What follows is a block of records; restate each one word for word.

[Start of Attachment]

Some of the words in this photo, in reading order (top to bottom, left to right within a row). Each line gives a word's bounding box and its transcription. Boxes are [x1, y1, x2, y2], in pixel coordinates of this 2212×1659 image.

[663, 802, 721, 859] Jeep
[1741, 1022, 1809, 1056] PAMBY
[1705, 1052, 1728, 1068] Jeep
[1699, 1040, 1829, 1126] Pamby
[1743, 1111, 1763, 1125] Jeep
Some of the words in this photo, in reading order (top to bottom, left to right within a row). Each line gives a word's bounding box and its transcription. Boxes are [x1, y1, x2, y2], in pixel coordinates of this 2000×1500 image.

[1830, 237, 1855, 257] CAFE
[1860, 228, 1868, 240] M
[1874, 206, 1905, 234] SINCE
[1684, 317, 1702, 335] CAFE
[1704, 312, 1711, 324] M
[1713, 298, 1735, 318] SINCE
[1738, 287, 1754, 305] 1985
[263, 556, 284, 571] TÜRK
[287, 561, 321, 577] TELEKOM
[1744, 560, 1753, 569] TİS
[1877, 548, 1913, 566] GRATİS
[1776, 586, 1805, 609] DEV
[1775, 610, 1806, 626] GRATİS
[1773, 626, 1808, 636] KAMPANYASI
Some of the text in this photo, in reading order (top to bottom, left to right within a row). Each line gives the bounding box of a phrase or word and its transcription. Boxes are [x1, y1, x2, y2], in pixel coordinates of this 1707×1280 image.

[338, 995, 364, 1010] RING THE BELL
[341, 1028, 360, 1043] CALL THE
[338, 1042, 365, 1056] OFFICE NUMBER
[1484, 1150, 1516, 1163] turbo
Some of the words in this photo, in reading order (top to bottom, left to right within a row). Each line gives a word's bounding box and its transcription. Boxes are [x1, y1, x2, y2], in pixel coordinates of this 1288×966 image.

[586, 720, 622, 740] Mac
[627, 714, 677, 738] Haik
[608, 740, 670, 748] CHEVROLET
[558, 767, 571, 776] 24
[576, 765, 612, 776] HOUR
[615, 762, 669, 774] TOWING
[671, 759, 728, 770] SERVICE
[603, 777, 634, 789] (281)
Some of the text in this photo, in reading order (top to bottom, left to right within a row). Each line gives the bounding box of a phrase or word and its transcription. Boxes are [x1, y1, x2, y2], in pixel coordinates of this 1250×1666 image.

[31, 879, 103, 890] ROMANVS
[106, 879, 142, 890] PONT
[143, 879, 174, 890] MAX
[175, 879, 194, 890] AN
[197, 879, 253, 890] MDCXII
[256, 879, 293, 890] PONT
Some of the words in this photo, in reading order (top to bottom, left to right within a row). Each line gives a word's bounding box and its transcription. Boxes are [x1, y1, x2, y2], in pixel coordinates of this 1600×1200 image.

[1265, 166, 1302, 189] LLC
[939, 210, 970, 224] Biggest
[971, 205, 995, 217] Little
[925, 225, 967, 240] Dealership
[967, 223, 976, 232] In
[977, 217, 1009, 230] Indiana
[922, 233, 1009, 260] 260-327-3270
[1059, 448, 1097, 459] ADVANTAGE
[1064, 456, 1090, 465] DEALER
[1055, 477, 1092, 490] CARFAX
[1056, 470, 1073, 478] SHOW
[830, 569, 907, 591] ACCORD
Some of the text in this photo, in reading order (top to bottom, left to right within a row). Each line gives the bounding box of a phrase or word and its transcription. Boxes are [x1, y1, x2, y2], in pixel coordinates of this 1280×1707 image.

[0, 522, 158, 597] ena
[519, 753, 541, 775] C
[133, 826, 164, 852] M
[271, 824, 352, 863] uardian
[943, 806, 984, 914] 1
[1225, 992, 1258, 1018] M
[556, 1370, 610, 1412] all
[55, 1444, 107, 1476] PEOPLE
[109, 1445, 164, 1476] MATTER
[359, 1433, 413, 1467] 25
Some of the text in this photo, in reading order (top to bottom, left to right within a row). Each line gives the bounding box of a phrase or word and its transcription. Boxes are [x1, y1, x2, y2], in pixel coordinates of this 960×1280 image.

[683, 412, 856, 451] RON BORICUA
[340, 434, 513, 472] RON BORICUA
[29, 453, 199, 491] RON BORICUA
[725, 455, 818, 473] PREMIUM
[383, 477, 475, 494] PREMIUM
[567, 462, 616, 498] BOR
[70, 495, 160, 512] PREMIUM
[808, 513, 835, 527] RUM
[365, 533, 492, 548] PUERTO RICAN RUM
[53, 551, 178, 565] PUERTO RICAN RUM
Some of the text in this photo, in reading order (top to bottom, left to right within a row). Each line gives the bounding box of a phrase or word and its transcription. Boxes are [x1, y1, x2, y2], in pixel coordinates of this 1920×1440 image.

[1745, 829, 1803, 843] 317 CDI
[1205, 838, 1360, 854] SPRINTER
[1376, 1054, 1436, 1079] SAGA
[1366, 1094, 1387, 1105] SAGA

[End of Attachment]

= RESPONSE BELOW =
Some of the words in this photo, in reading order (top to bottom, left to right within a row). Each line gives a word's bounding box and its transcription. Boxes are [x1, y1, x2, y2], in pixel coordinates of this 2212×1659 image.

[663, 802, 721, 859] Jeep
[1741, 1022, 1809, 1056] PAMBY
[1705, 1052, 1728, 1068] Jeep
[1699, 1040, 1829, 1126] Pamby
[1743, 1111, 1763, 1125] Jeep
Some of the words in this photo, in reading order (top to bottom, left to right within a row). Each line gives a word's bounding box and its transcription. Boxes are [x1, y1, x2, y2], in pixel coordinates of this 2000×1500 image.

[1830, 237, 1855, 257] CAFE
[1860, 228, 1868, 240] M
[1874, 206, 1905, 234] SINCE
[1684, 317, 1702, 335] CAFE
[1704, 312, 1711, 324] M
[1713, 298, 1735, 318] SINCE
[1738, 287, 1754, 305] 1985
[263, 556, 284, 571] TÜRK
[287, 561, 321, 577] TELEKOM
[1744, 560, 1753, 569] TİS
[1877, 548, 1913, 566] GRATİS
[1776, 586, 1805, 609] DEV
[1775, 610, 1806, 626] GRATİS
[1773, 626, 1808, 636] KAMPANYASI
Some of the text in this photo, in reading order (top to bottom, left to right within a row). Each line gives the bounding box of a phrase or word and its transcription. Boxes are [x1, y1, x2, y2], in pixel coordinates of this 1707×1280 image.

[338, 995, 364, 1010] RING THE BELL
[341, 1028, 360, 1043] CALL THE
[338, 1042, 365, 1056] OFFICE NUMBER
[1484, 1150, 1516, 1163] turbo
Some of the words in this photo, in reading order (top to bottom, left to right within a row). Each line gives a word's bounding box and its transcription. Boxes are [x1, y1, x2, y2], in pixel coordinates of this 1288×966 image.

[586, 720, 622, 740] Mac
[627, 714, 677, 738] Haik
[608, 740, 670, 748] CHEVROLET
[558, 767, 571, 776] 24
[576, 765, 612, 776] HOUR
[615, 762, 669, 774] TOWING
[671, 759, 728, 770] SERVICE
[603, 777, 634, 789] (281)
Some of the text in this photo, in reading order (top to bottom, left to right within a row). Each line gives the bounding box of a phrase or word and its transcription. Boxes are [x1, y1, x2, y2], in pixel coordinates of this 1250×1666 image.

[31, 879, 103, 890] ROMANVS
[106, 879, 142, 890] PONT
[143, 879, 174, 890] MAX
[175, 879, 194, 890] AN
[197, 879, 253, 890] MDCXII
[256, 879, 293, 890] PONT
Some of the words in this photo, in reading order (top to bottom, left to right within a row). Each line gives a word's bounding box and its transcription. Boxes are [x1, y1, x2, y2], in pixel coordinates of this 1600×1200 image.

[1265, 166, 1302, 189] LLC
[939, 210, 970, 224] Biggest
[971, 205, 995, 217] Little
[925, 225, 967, 240] Dealership
[967, 223, 976, 232] In
[977, 217, 1009, 230] Indiana
[922, 233, 1009, 260] 260-327-3270
[1059, 448, 1097, 459] ADVANTAGE
[1064, 456, 1090, 465] DEALER
[1055, 477, 1092, 490] CARFAX
[1056, 470, 1073, 478] SHOW
[830, 569, 907, 591] ACCORD
Some of the text in this photo, in reading order (top to bottom, left to right within a row). Each line gives the bounding box of a phrase or word and its transcription. Boxes are [x1, y1, x2, y2], in pixel coordinates of this 1280×1707 image.

[0, 522, 158, 597] ena
[519, 753, 541, 775] C
[133, 826, 164, 852] M
[271, 824, 352, 863] uardian
[943, 806, 984, 914] 1
[1225, 992, 1258, 1018] M
[556, 1370, 610, 1412] all
[55, 1444, 107, 1476] PEOPLE
[109, 1445, 164, 1476] MATTER
[359, 1433, 413, 1467] 25
Some of the text in this photo, in reading order (top to bottom, left to right within a row). Each line gives the bounding box of a phrase or word and its transcription. Boxes are [x1, y1, x2, y2], in pixel coordinates of this 960×1280 image.

[683, 412, 856, 451] RON BORICUA
[340, 434, 513, 472] RON BORICUA
[29, 453, 199, 491] RON BORICUA
[725, 455, 818, 473] PREMIUM
[383, 477, 475, 494] PREMIUM
[567, 462, 616, 498] BOR
[70, 495, 160, 512] PREMIUM
[808, 513, 835, 527] RUM
[365, 533, 492, 548] PUERTO RICAN RUM
[53, 551, 178, 565] PUERTO RICAN RUM
Some of the text in this photo, in reading order (top to bottom, left to right within a row). Each line gives the bounding box of a phrase or word and its transcription. Boxes are [x1, y1, x2, y2], in pixel coordinates of this 1920×1440 image.

[1745, 829, 1803, 843] 317 CDI
[1205, 838, 1360, 854] SPRINTER
[1376, 1054, 1436, 1079] SAGA
[1366, 1094, 1387, 1105] SAGA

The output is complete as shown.